“Capitalism without bankruptcy is like Christianity without hell.”
Over the past four decades, governments and central banks have developed and exercised a rescue reflex, bookended by the Continental Illinois National Bank and Trust Company and Silicon Valley Bank bailouts. Ironically, it was in 1984, during a period of shrinking federal government influence, when Continental Illinois became the first US bank viewed as too big to fail. In an unprecedented move at the time, regulators extended unlimited protection to Continental depositors — just as the Federal Deposit Insurance Corporation (FDIC) did in early March for Silicon Valley Bank and Signature Bank depositors.
Once Pandora’s Box had been opened, similar to the Greek myth, out crawled the Savings & Loan Crisis, Long Term Capital Management bailout, Global Financial Crisis, and the pandemic, among others. And today, it’s expected that governments and central banks will orchestrate rescues in response to crises. This century’s easy monetary policies combined with globalization’s greater connectivity magnified the rescue challenges. This required the Federal Reserve (Fed) and US Treasury to spend trillions of dollars on bailouts in 2008 and 2020.
However, despite still-sticky inflation and higher interest rates, the current banking crisis demonstrates that the easy money era might not be over. According to Strategas Research Partners, to avoid a systemic event in the first quarter, policymakers pumped $755 billion of liquidity into financial markets. Shockingly, the first quarterly increase since the third quarter of 2021 wiped out five months of quantitative tightening in just two weeks.1 This liquidity injection happened at the same time the Fed is fighting inflation. When push came to shove, liquidity won the quarter — and long-duration growth assets from NASDAQ companies to bitcoin topped the performance leaderboard.2
The current banking crisis reignited the bailout debate. Bailout apologists claim that rescues smooth out boom and bust economic cycles, restore confidence in the economy, reduce financial market volatility, and lower corporate default rates. Others argue that while rescues may relieve the short-term pain, they do little to solve longer-term problems.
All this begs the question — is capitalism really capitalism without failure?
The International Monetary Fund (IMF) identifies six pillars of capitalism, among them are competition and the limited role of government. The ability to separate the winners from the losers without too much interference from policymakers is critical to capitalism’s success. But governments regulate today’s markets to a greater extent to correct market failures.

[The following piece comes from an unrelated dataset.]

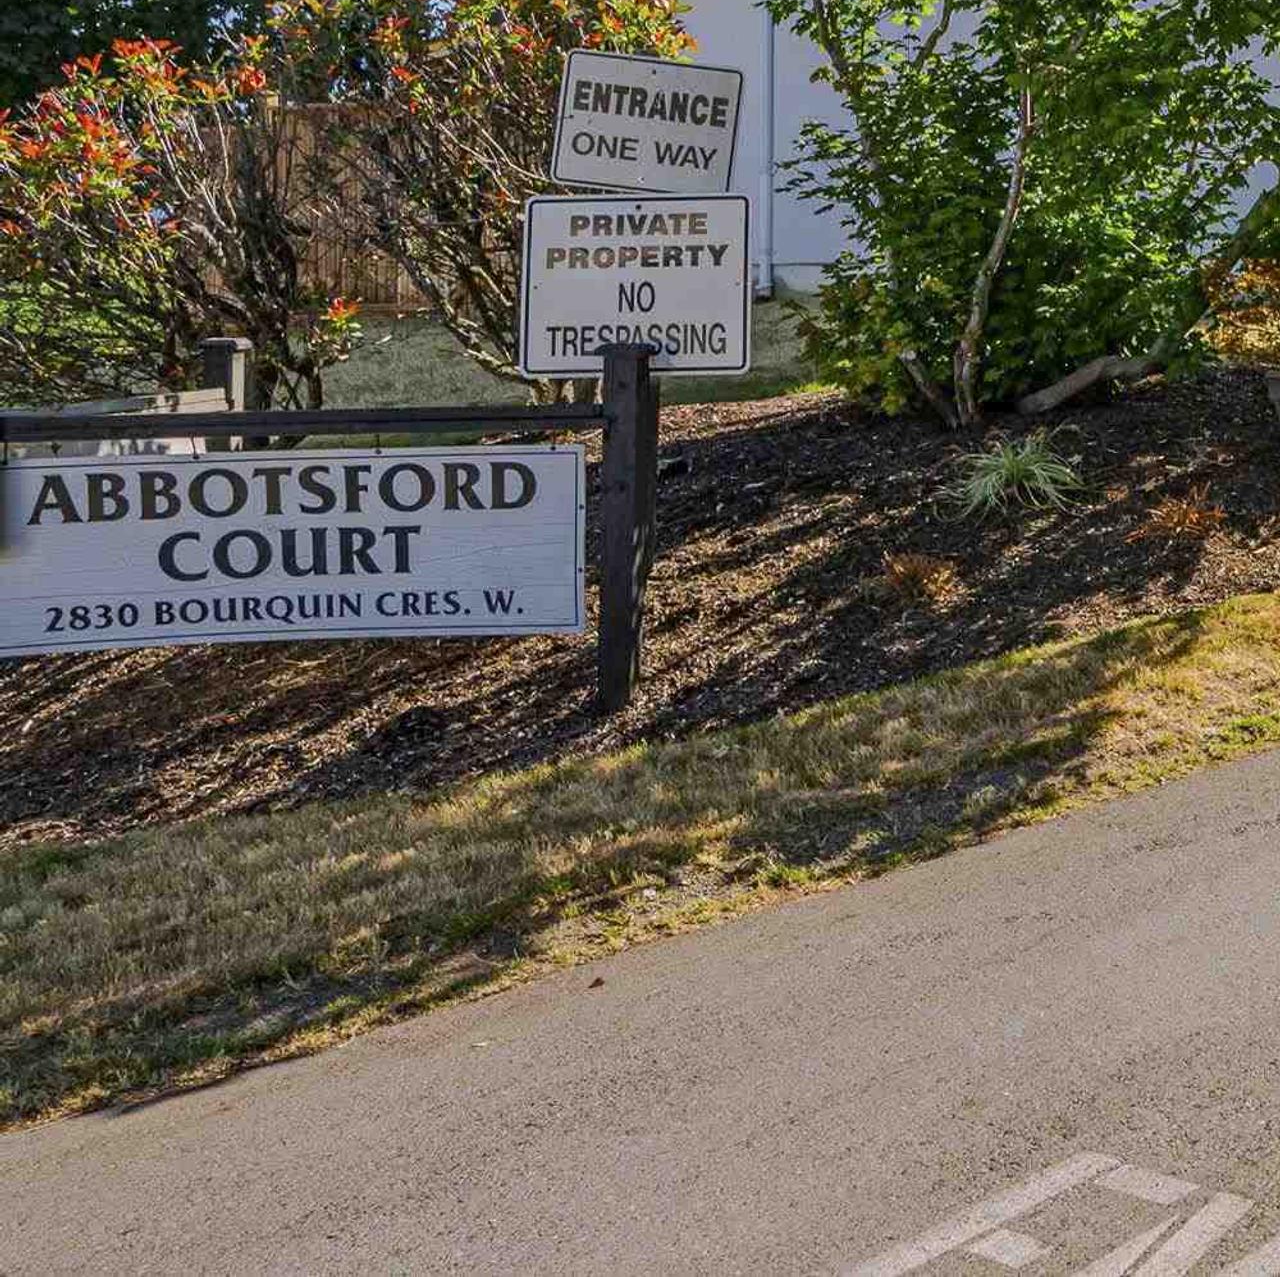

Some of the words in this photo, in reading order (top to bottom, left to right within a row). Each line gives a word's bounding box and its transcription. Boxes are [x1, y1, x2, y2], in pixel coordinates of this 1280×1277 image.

Prior to the Continental Illinois bank failure, governments and central banks were reluctant to ride to the rescue. The pre-bailout era was characterized by volatile boom-bust economic cycles, strong productivity, and growing earnings power.
Addressing how today’s rescue culture undermines capitalism, Ruchir Sharma, Chair of Rockefeller International, writes, “The rescues have led to a massive misallocation of capital and a surge in the number of zombie firms, which contribute mightily to weakening business dynamism and productivity. In the US, total factor productivity growth fell to just 0.5% after 2008, down from about 2% between 1870 and the early 1970s.”3
Of course, nobody is pining for the harsh conditions that defined the Industrial Revolution or the bank runs of the 1930s. But the constant government rescues of the past few decades are a step too far in the wrong direction.
Well-intentioned government and central bank rescues may in fact be producing the opposite of their desired effect. Rather than stabilizing the financial system and bolstering the economy, bailouts could be contributing to sluggish growth and shaky markets. So much so that the failure of a single US regional bank threatened to infect the entire global banking industry.
This isn’t intended to be an indictment on policymakers’ actions in response to the recent Silicon Valley Bank, Signature Bank, and Credit Suisse failures. On the contrary, officials acted swiftly to restore much-needed confidence in the global banking system and likely prevented further contagion. This is the best possible outcome for the economy and markets.
However, today’s banking turmoil and policy responses provide investors a new lens through which to reflect on the impact of decades of bailouts. Policymakers’ proclivity to exercise the rescue reflex may deliver some short-term benefits. But investors know all too well that one of the enduring long-term lessons of a capitalist economy is that there’s no free lunch.
Weaker economic growth, lower productivity, and a decline in living standards might be too high a price to pay to be rescued.4 Perhaps, counterintuitively, bailouts haven’t made the global financial system more stable, but more fragile.
Possibly more disruptive, policymakers’ and investors’ senses may be getting increasingly dulled to the growing risks rescues pose to the global economy and financial markets.